Exercise: Reproduce the records word for word, leaving out any pictures they hold.

Phrase grounding data:
····················
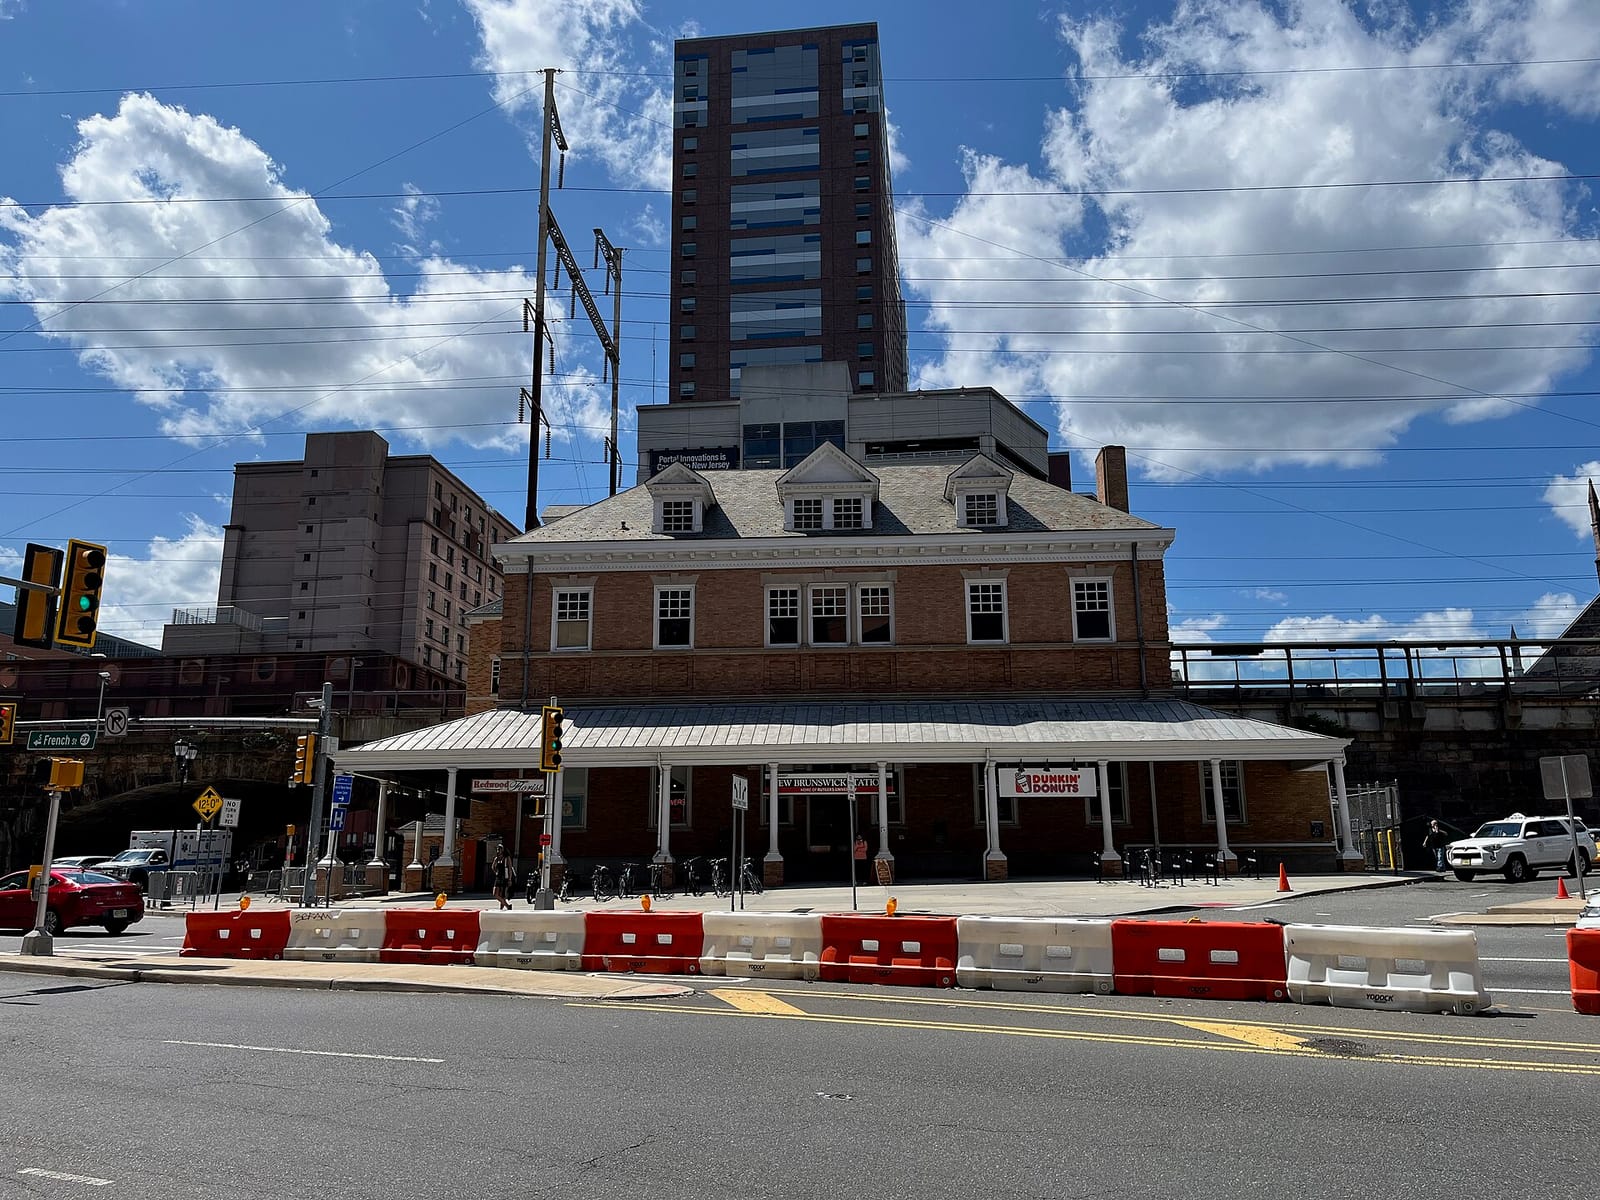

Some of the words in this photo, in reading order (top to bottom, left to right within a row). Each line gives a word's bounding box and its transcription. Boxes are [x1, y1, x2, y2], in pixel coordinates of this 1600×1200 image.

[659, 455, 679, 463] Portal
[680, 453, 719, 462] Innovations
[720, 453, 726, 461] is
[708, 461, 730, 470] Jersey
[43, 733, 71, 746] French
[794, 778, 847, 787] BRUNSWICK
[853, 778, 880, 787] TATIO
[1033, 774, 1080, 783] DUNKIN'
[473, 780, 510, 790] Redwood
[510, 780, 544, 791] Florist
[1033, 784, 1079, 793] DONUTS
[226, 800, 237, 808] NO
[333, 811, 344, 828] H
[1366, 993, 1394, 1002] YODOCK
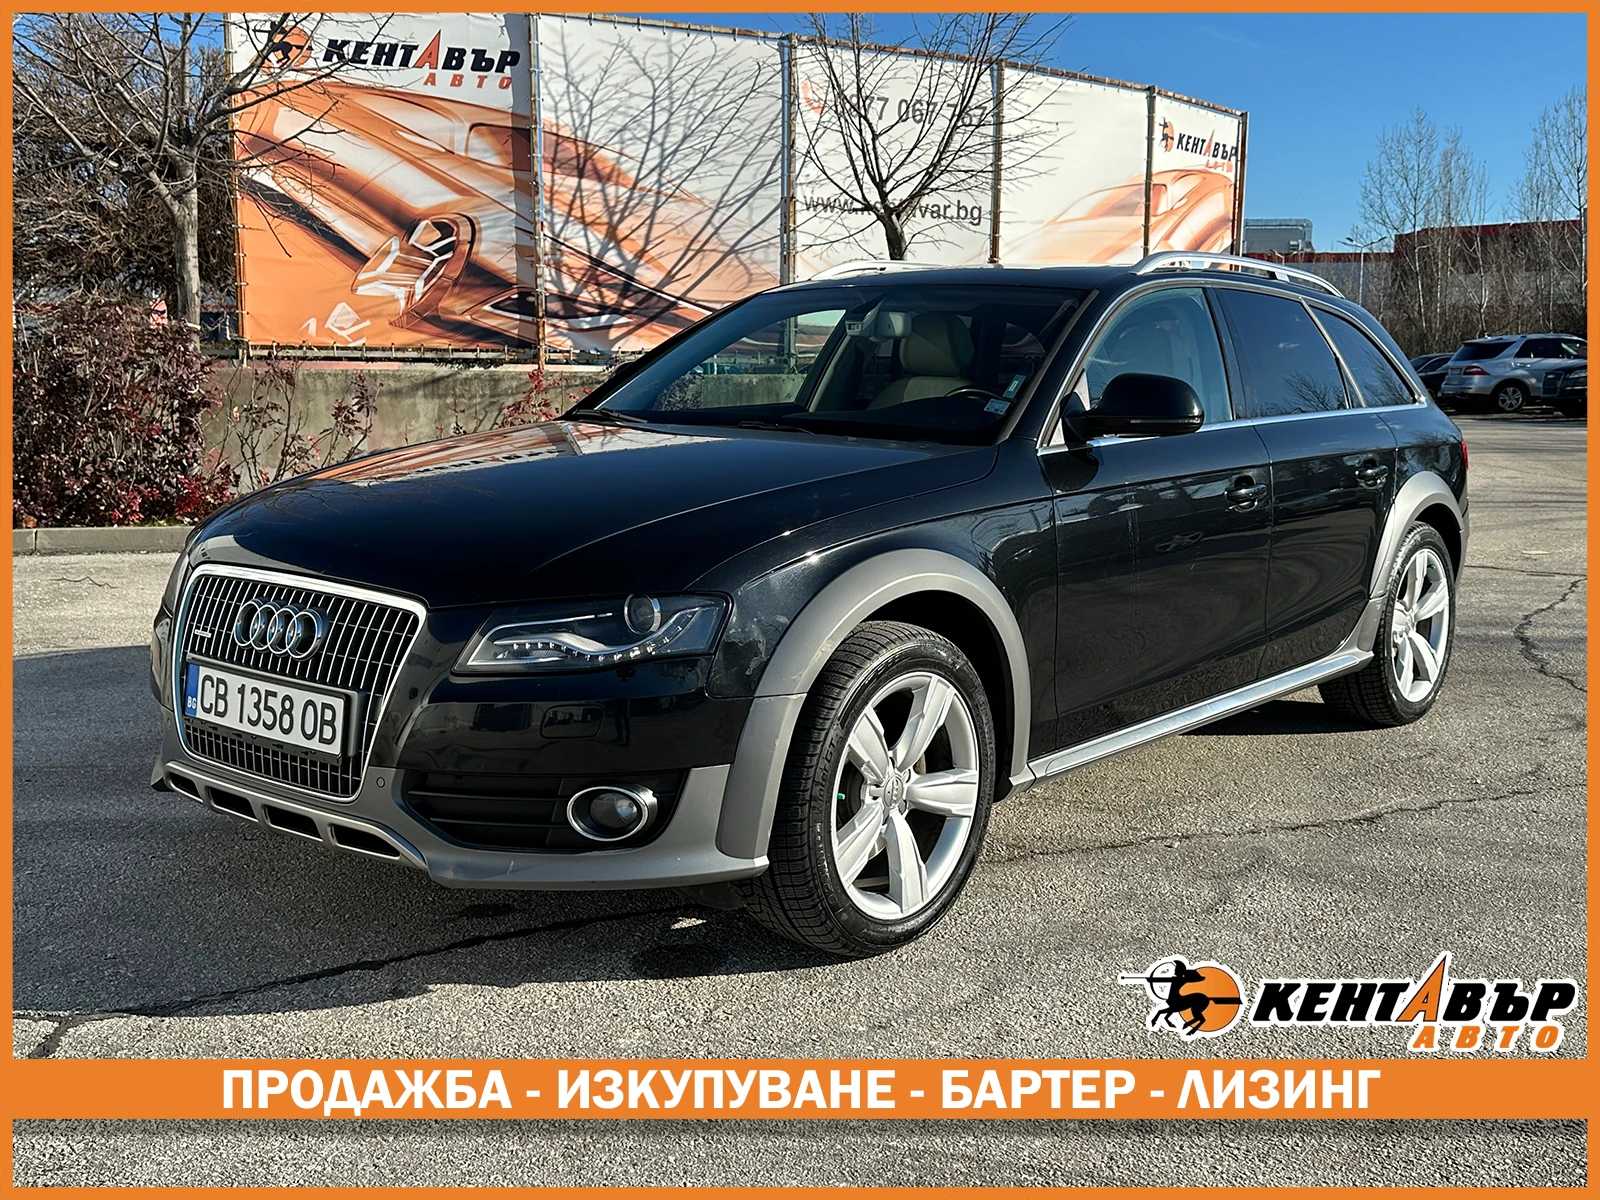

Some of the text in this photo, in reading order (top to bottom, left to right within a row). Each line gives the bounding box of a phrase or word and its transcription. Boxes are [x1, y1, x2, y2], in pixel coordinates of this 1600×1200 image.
····················
Your response:
Some of the words in this photo, in reading order (top to bottom, left to right within a row). Each line gives a word's bounding box and its transcription. Boxes are [x1, y1, x2, y2], in pixel coordinates of this 1600×1200 image.

[659, 455, 679, 463] Portal
[680, 453, 719, 462] Innovations
[720, 453, 726, 461] is
[708, 461, 730, 470] Jersey
[43, 733, 71, 746] French
[794, 778, 847, 787] BRUNSWICK
[853, 778, 880, 787] TATIO
[1033, 774, 1080, 783] DUNKIN'
[473, 780, 510, 790] Redwood
[510, 780, 544, 791] Florist
[1033, 784, 1079, 793] DONUTS
[226, 800, 237, 808] NO
[333, 811, 344, 828] H
[1366, 993, 1394, 1002] YODOCK

Some of the text in this photo, in reading order (top to bottom, left to right within a row). Each line gives the bounding box of a phrase or word and its transcription. Boxes are [x1, y1, x2, y2], in pixel coordinates of this 1600×1200 image.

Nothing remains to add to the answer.